Restate every line of the data word for word, except for the images.

:: The data

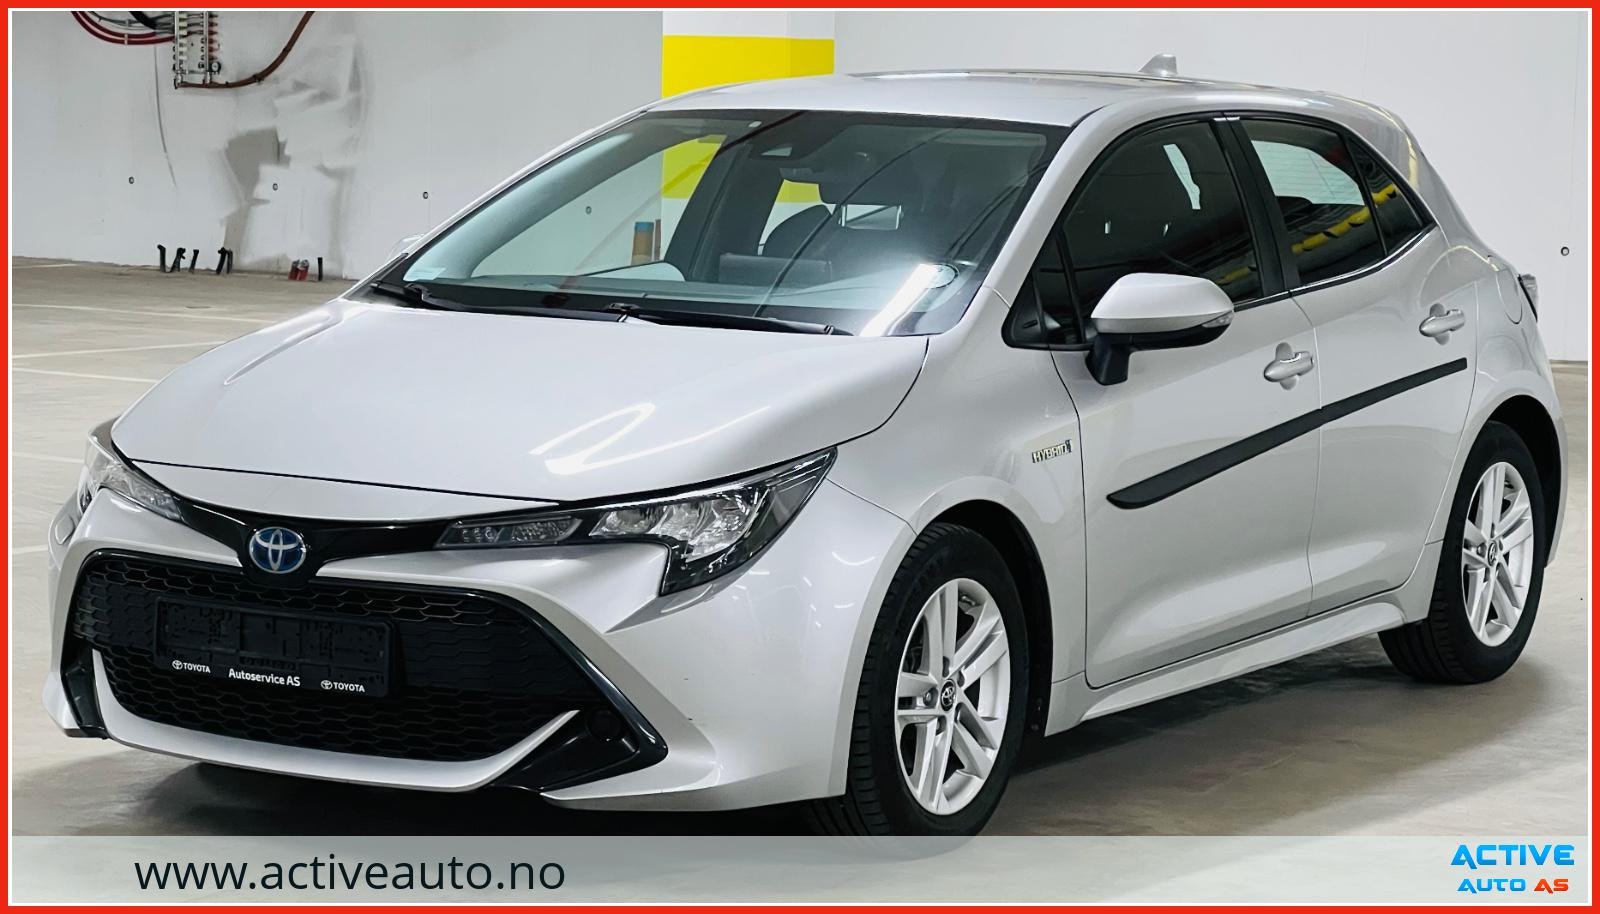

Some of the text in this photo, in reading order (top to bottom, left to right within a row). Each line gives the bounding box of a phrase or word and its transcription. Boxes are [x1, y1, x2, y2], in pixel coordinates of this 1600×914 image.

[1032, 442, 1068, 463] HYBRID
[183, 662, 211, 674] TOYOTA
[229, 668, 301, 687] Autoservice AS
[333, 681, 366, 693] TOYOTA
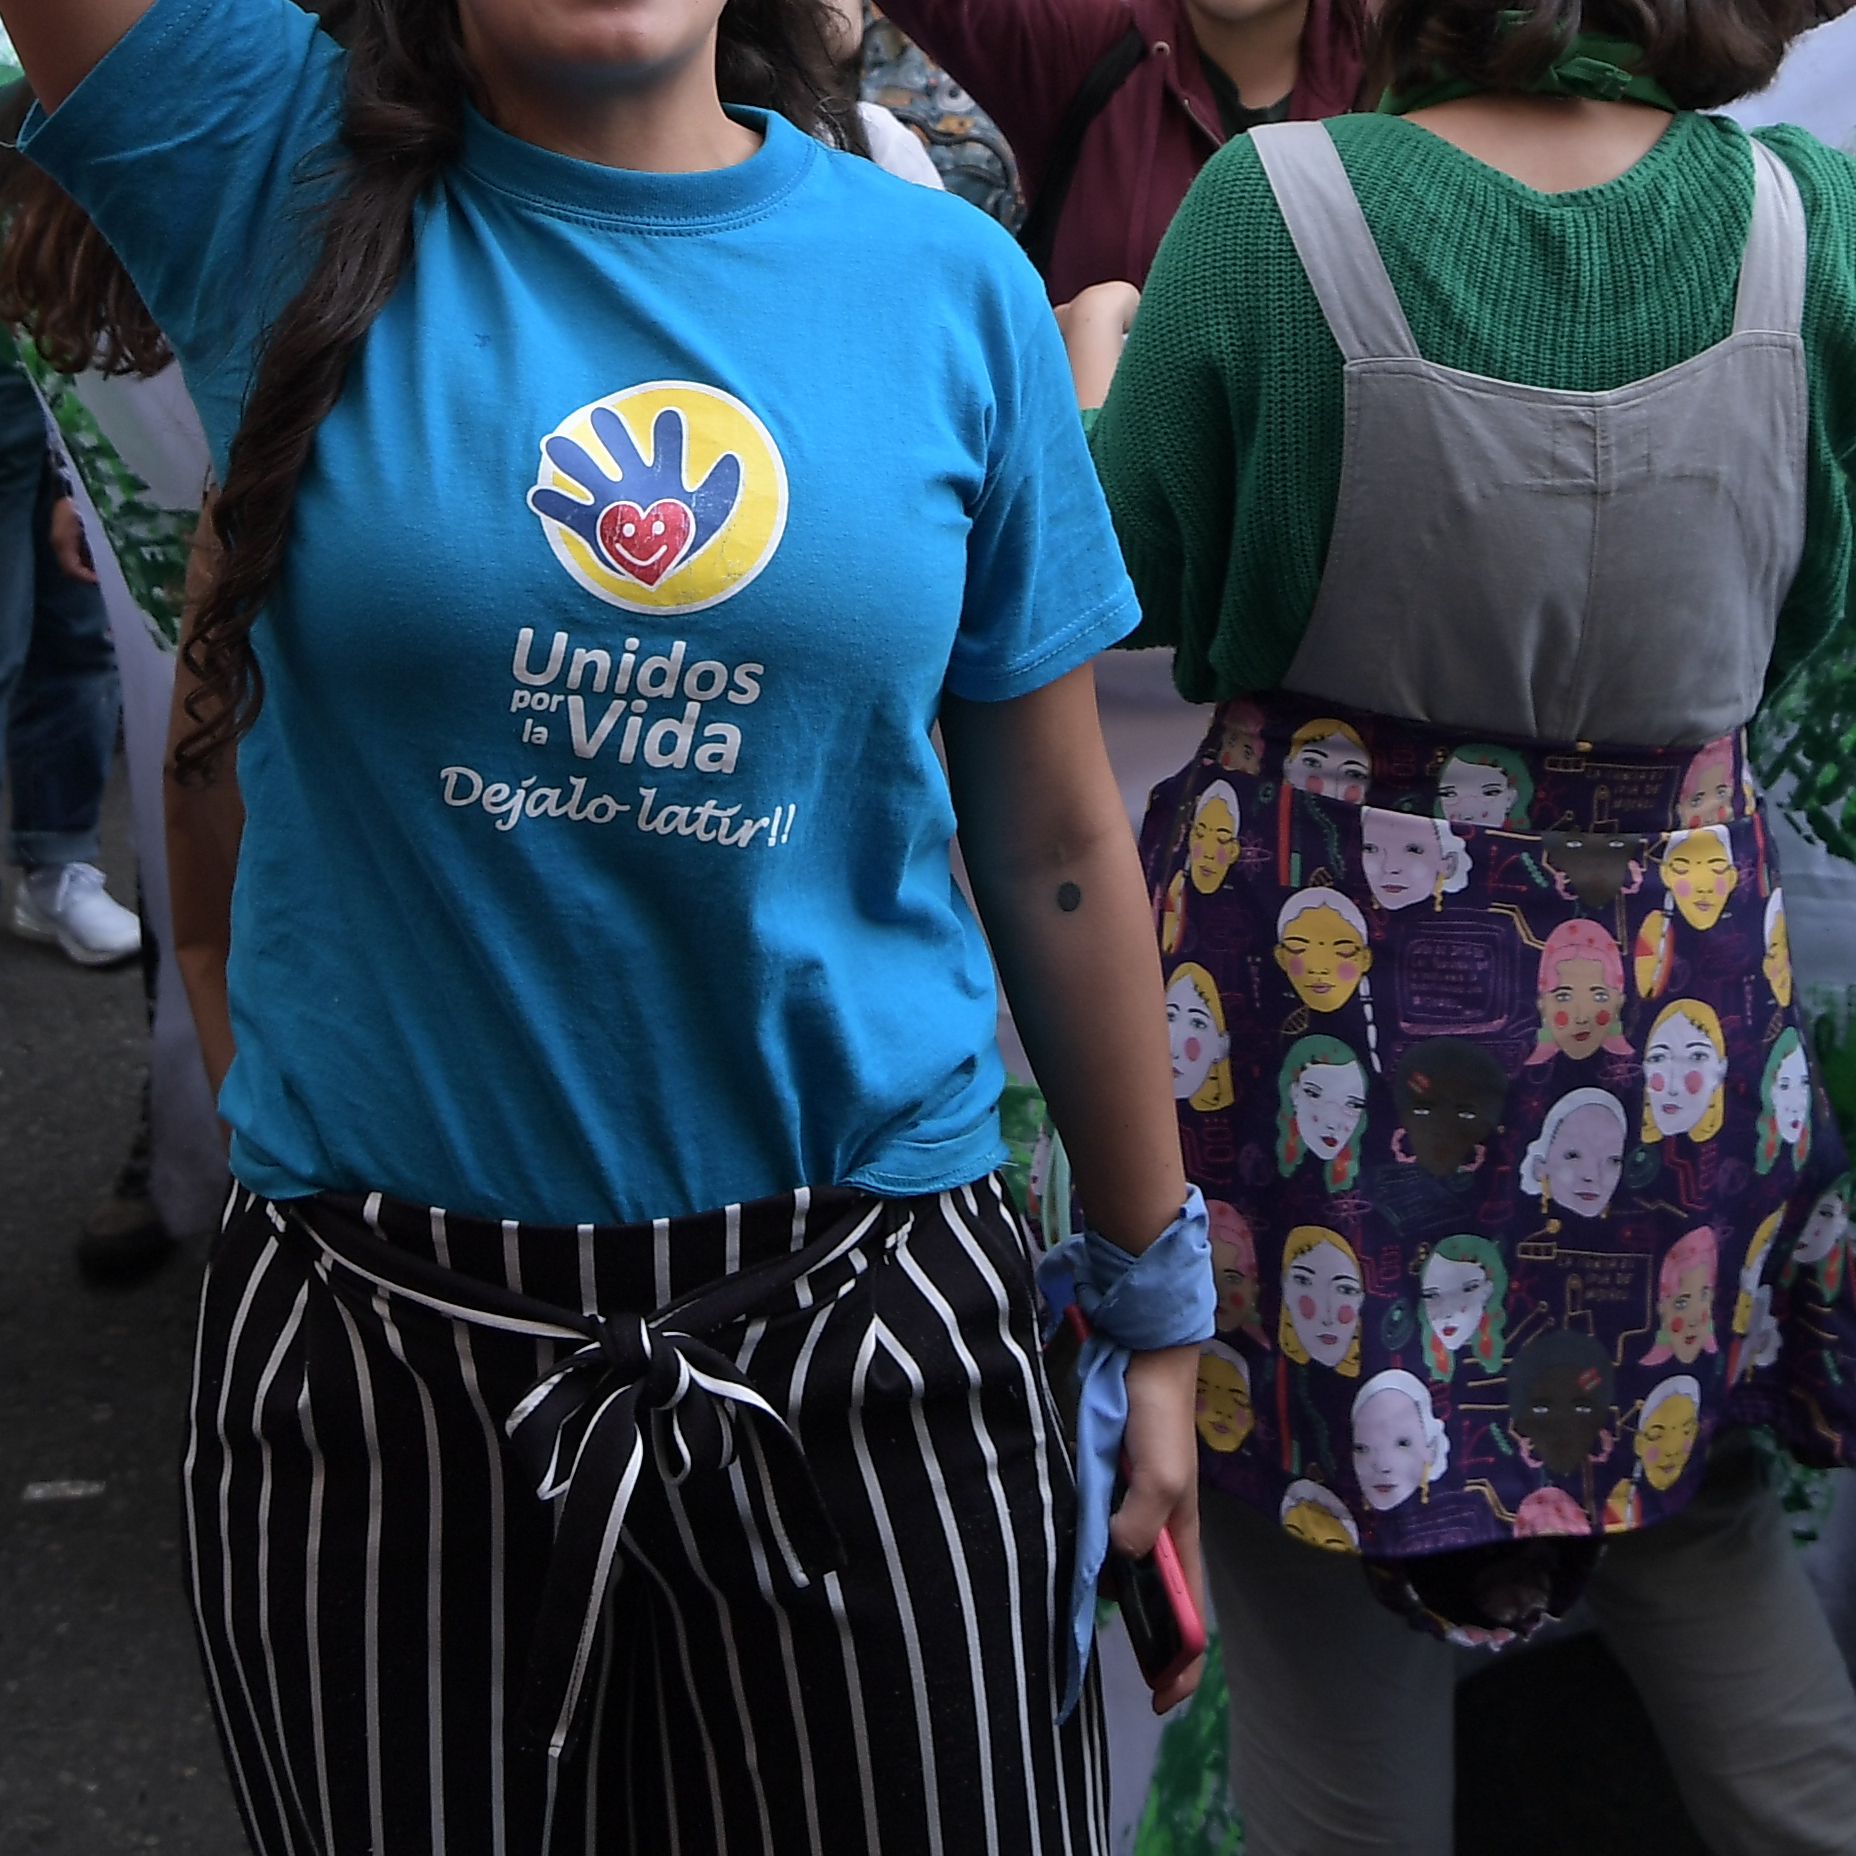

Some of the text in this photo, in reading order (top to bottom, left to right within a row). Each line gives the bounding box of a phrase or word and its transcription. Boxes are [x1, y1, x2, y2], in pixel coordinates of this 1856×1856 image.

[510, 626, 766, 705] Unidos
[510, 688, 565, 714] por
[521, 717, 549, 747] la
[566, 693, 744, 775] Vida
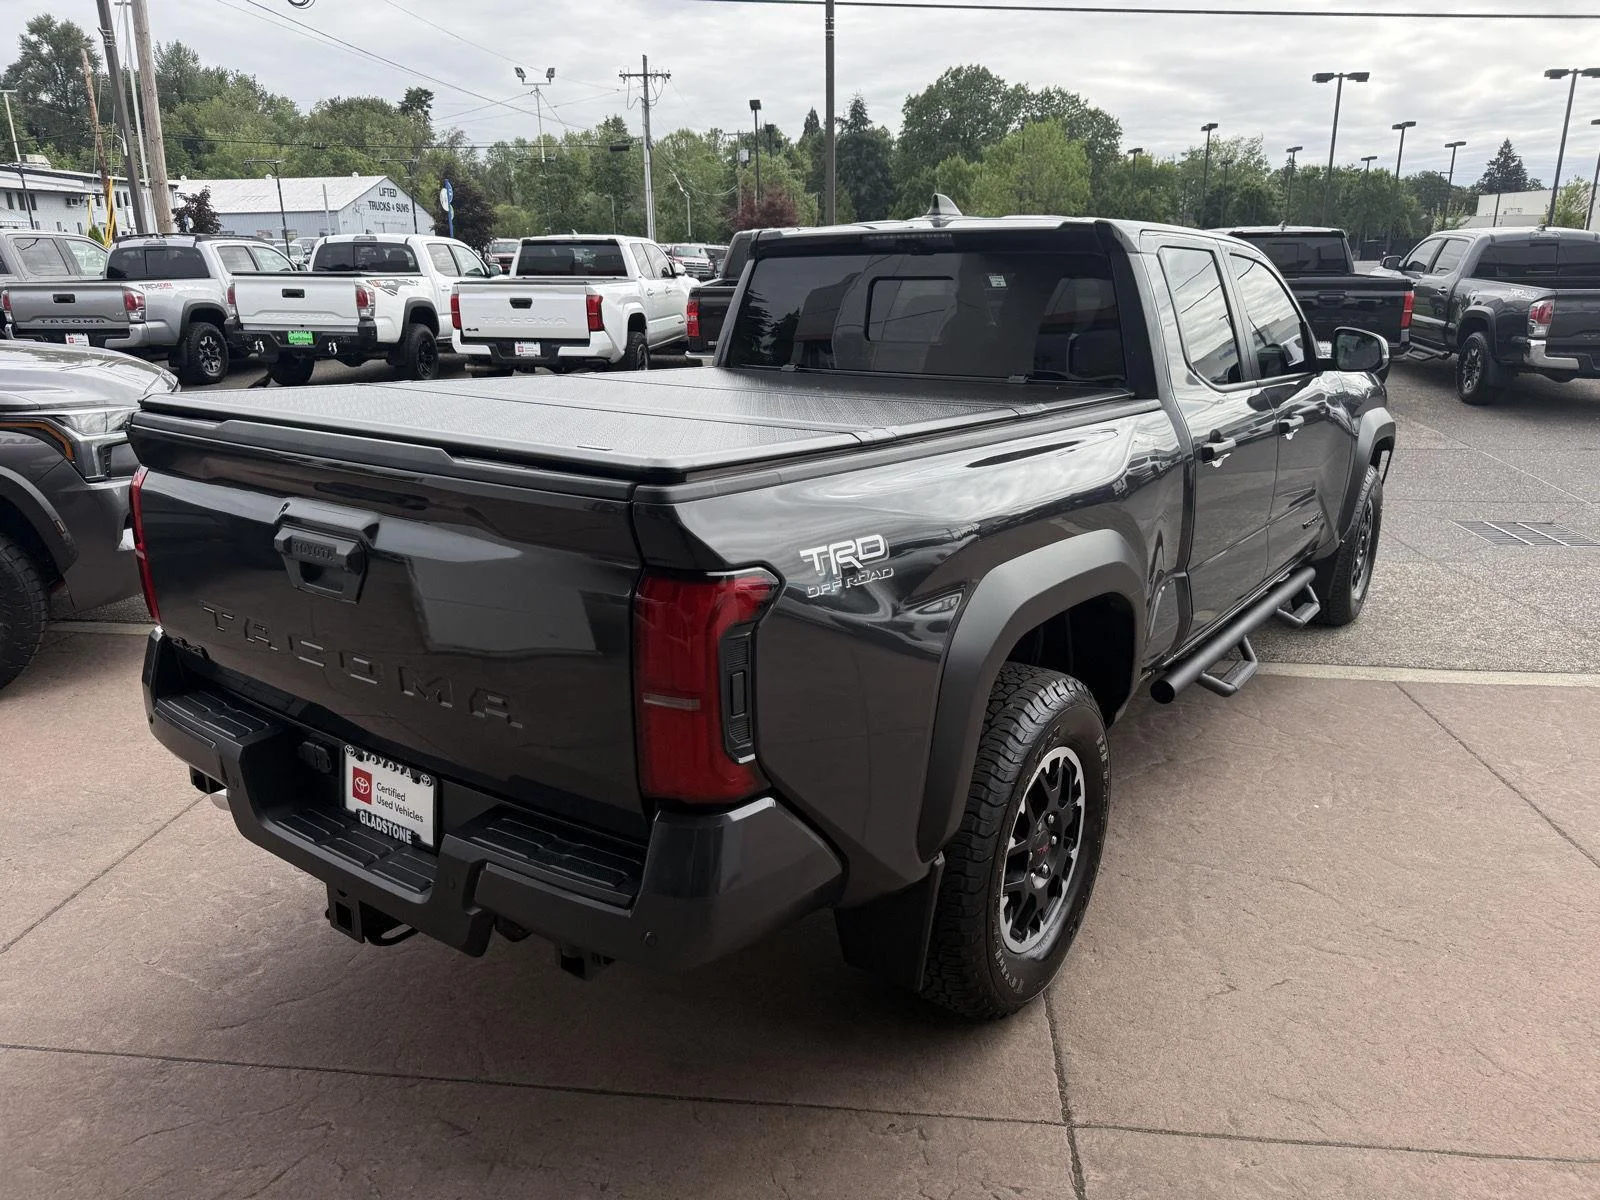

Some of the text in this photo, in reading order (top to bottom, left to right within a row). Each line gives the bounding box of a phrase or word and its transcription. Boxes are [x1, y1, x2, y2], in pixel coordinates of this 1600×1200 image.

::::

Answer space:
Some of the text in this photo, in reading order (top to bottom, left to right within a row). Each line gives the bounding box of a phrase or word and its transcription. Boxes are [x1, y1, x2, y2], in pixel coordinates of this 1600×914 image.

[1032, 442, 1068, 463] HYBRID
[183, 662, 211, 674] TOYOTA
[229, 668, 301, 687] Autoservice AS
[333, 681, 366, 693] TOYOTA

Some of the text in this photo, in reading order (top to bottom, left to right within a row). Each line gives the bounding box of a phrase or word and its transcription. Boxes are [x1, y1, x2, y2], in pixel coordinates of this 1856×1856 image.

[510, 626, 766, 705] Unidos
[510, 688, 565, 714] por
[521, 717, 549, 747] la
[566, 693, 744, 775] Vida

Some of the text in this photo, in reading order (top to bottom, left to right within a row). Each line gives the bounding box of a phrase or word and its transcription. Boxes are [x1, y1, x2, y2], in pixel coordinates of this 1600×1200 image.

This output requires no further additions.